Country of Origin: China, Poland, Nepal (Blended by Neat Jane’s Tea House)
Grade: Grade A, Coarse Cut
Manufacture Type: Field grown, sun dried, machine milled and Coarse cut
Cup Characteristics: Slightly bitter with refreshing lingering finish
Infusion: Tending yellow orange
Ingredients: St Mary’s Thistle, Dandelion root, Ginger
Description: Just the thing for the morning after the night before. St Mary’s Thistle has excellent role in healing the liver. Studies show it can protect hepatocytes (liver cells) from long term damage caused by chemotherapy drugs, alcohol and paracetamol.
Hepatitis and other conditions that damage the liver cause a hardening or fibrosis, which negatively impacts liver function. St Mary’s Thistle has been found to reduce fibrosis.
The only consideration with this safe herb is it may hinder iron absorption from food, so don’t have it at the same time as iron rich meals such as meat and green leafy vegetables.
Ginger, (Latin: Zingiber officinale) the tart knotty root spice, is probably the world’s most commonly used flavor additive.
Way back then, according to an essay published in China later on during the 3rd century BC, Shang dynasty rulers had already pinpointed the world’s finest ginger growing in Sichuan province.

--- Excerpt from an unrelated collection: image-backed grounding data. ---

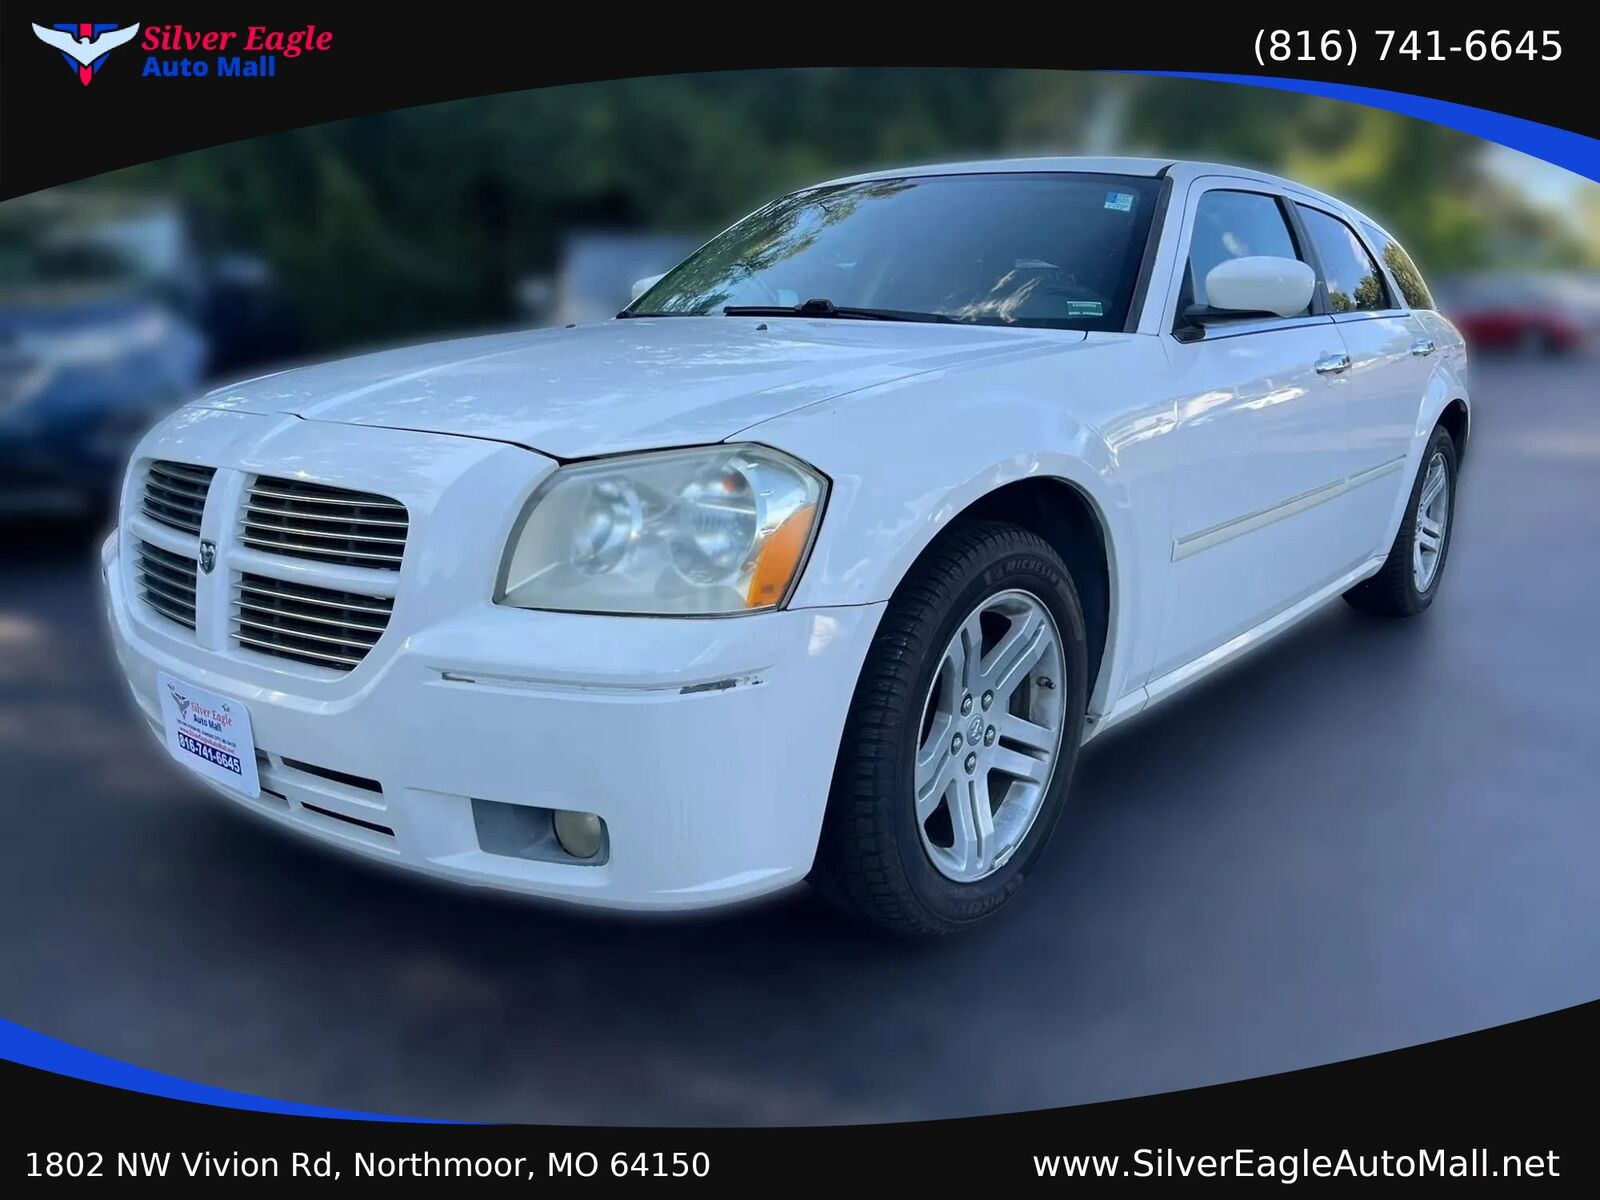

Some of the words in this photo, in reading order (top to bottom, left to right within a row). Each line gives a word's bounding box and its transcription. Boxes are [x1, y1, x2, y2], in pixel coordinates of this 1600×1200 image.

[1004, 558, 1059, 584] MICHELIN
[191, 702, 210, 717] Silver
[212, 710, 232, 727] Eagle
[194, 713, 207, 727] Auto
[179, 733, 240, 773] 816-741-6645

In those days ginger was also being widely consumed throughout India by the ancient Hindus. Both cultures thought very highly of ginger for both its use as a food ingredient and for its purported medicinal properties.
Its beneficial uses in this regard were thought to cover a veritable grocery list of common human ailments ranging from indigestion, to lack of appetite, the common cold, nausea, morning sickness related to pregnancy, leprosy, even restoring a low sex drive!
For many people, the thought of eating and drinking common lawn weeds is curious at best, but while Western society may not be known for eating and drinking herbs and plants, people have been doing so for thousands of years for their medicinal properties. The dandelion herb is one such useful plant, and its benefits have been utilized for generations to treat a variety of illnesses and promote organ health.
While many natural remedies utilize only one part of the plant (such as only the root) the dandelion is much more versatile in that dandelion leaves, the root, and even the flowering head can be used. It can be bitter tasting, which many people thoroughly enjoy. While the flavor can provide a unique beverage experience, most people enjoy dandelion benefits more than the tang of the tea. You may be very surprised to find out how very effective this tiny wild plant can be.
Starting with the liver, dandelion tea benefits can include both increased bile production (a great way to remove toxins from the body) and the manufacture in the liver of glycogen, which is great for diabetics. It also produces compounds that can help with constipation and other digestive organ health. This is why dandelion is considered useful for herbal colon cleanse regimens. An added bonus is that its nutritional contents are as high as some of the very best vegetables, meaning that essentials are not lost as rapidly through cleansing.
You’ll find dandelion benefits also include diuretic properties. This is because it stimulates the kidney function and can increase urine flow and output. Another added kidney bonus? If you have trouble with kidney stones, you may find that dandelion benefits can also include helping you pass the little buggers.
Dandelion benefits go way beyond these two vital organs, however, maintaining liver and kidney health will also have a domino effect on other organs and processes that benefit from the proper health and functioning of these two biologic powerhouses. So, enjoy a cup. Your taste buds won’t be the only part of your body to thank you! And remember that drinking even 8 daily cups of this powerful tea alone will not provide you with all the benefits unless you also adjust your overall lifestyle and switch to a low carb, moderate protein and fat diet, since incorrect nutrient balance in your body hinders the natural healing properties of home remedies.
Hot tea brewing method: Bring fresh cold water to a rolling boil. Place 1 teaspoon of tea for each cup into the teapot. Pour the boiling water into the teapot.
Cover and let steep for 3-7 minutes according to taste (the longer the steeping time the stronger the tea). It is recommended to consume this tea ‘straight-up’.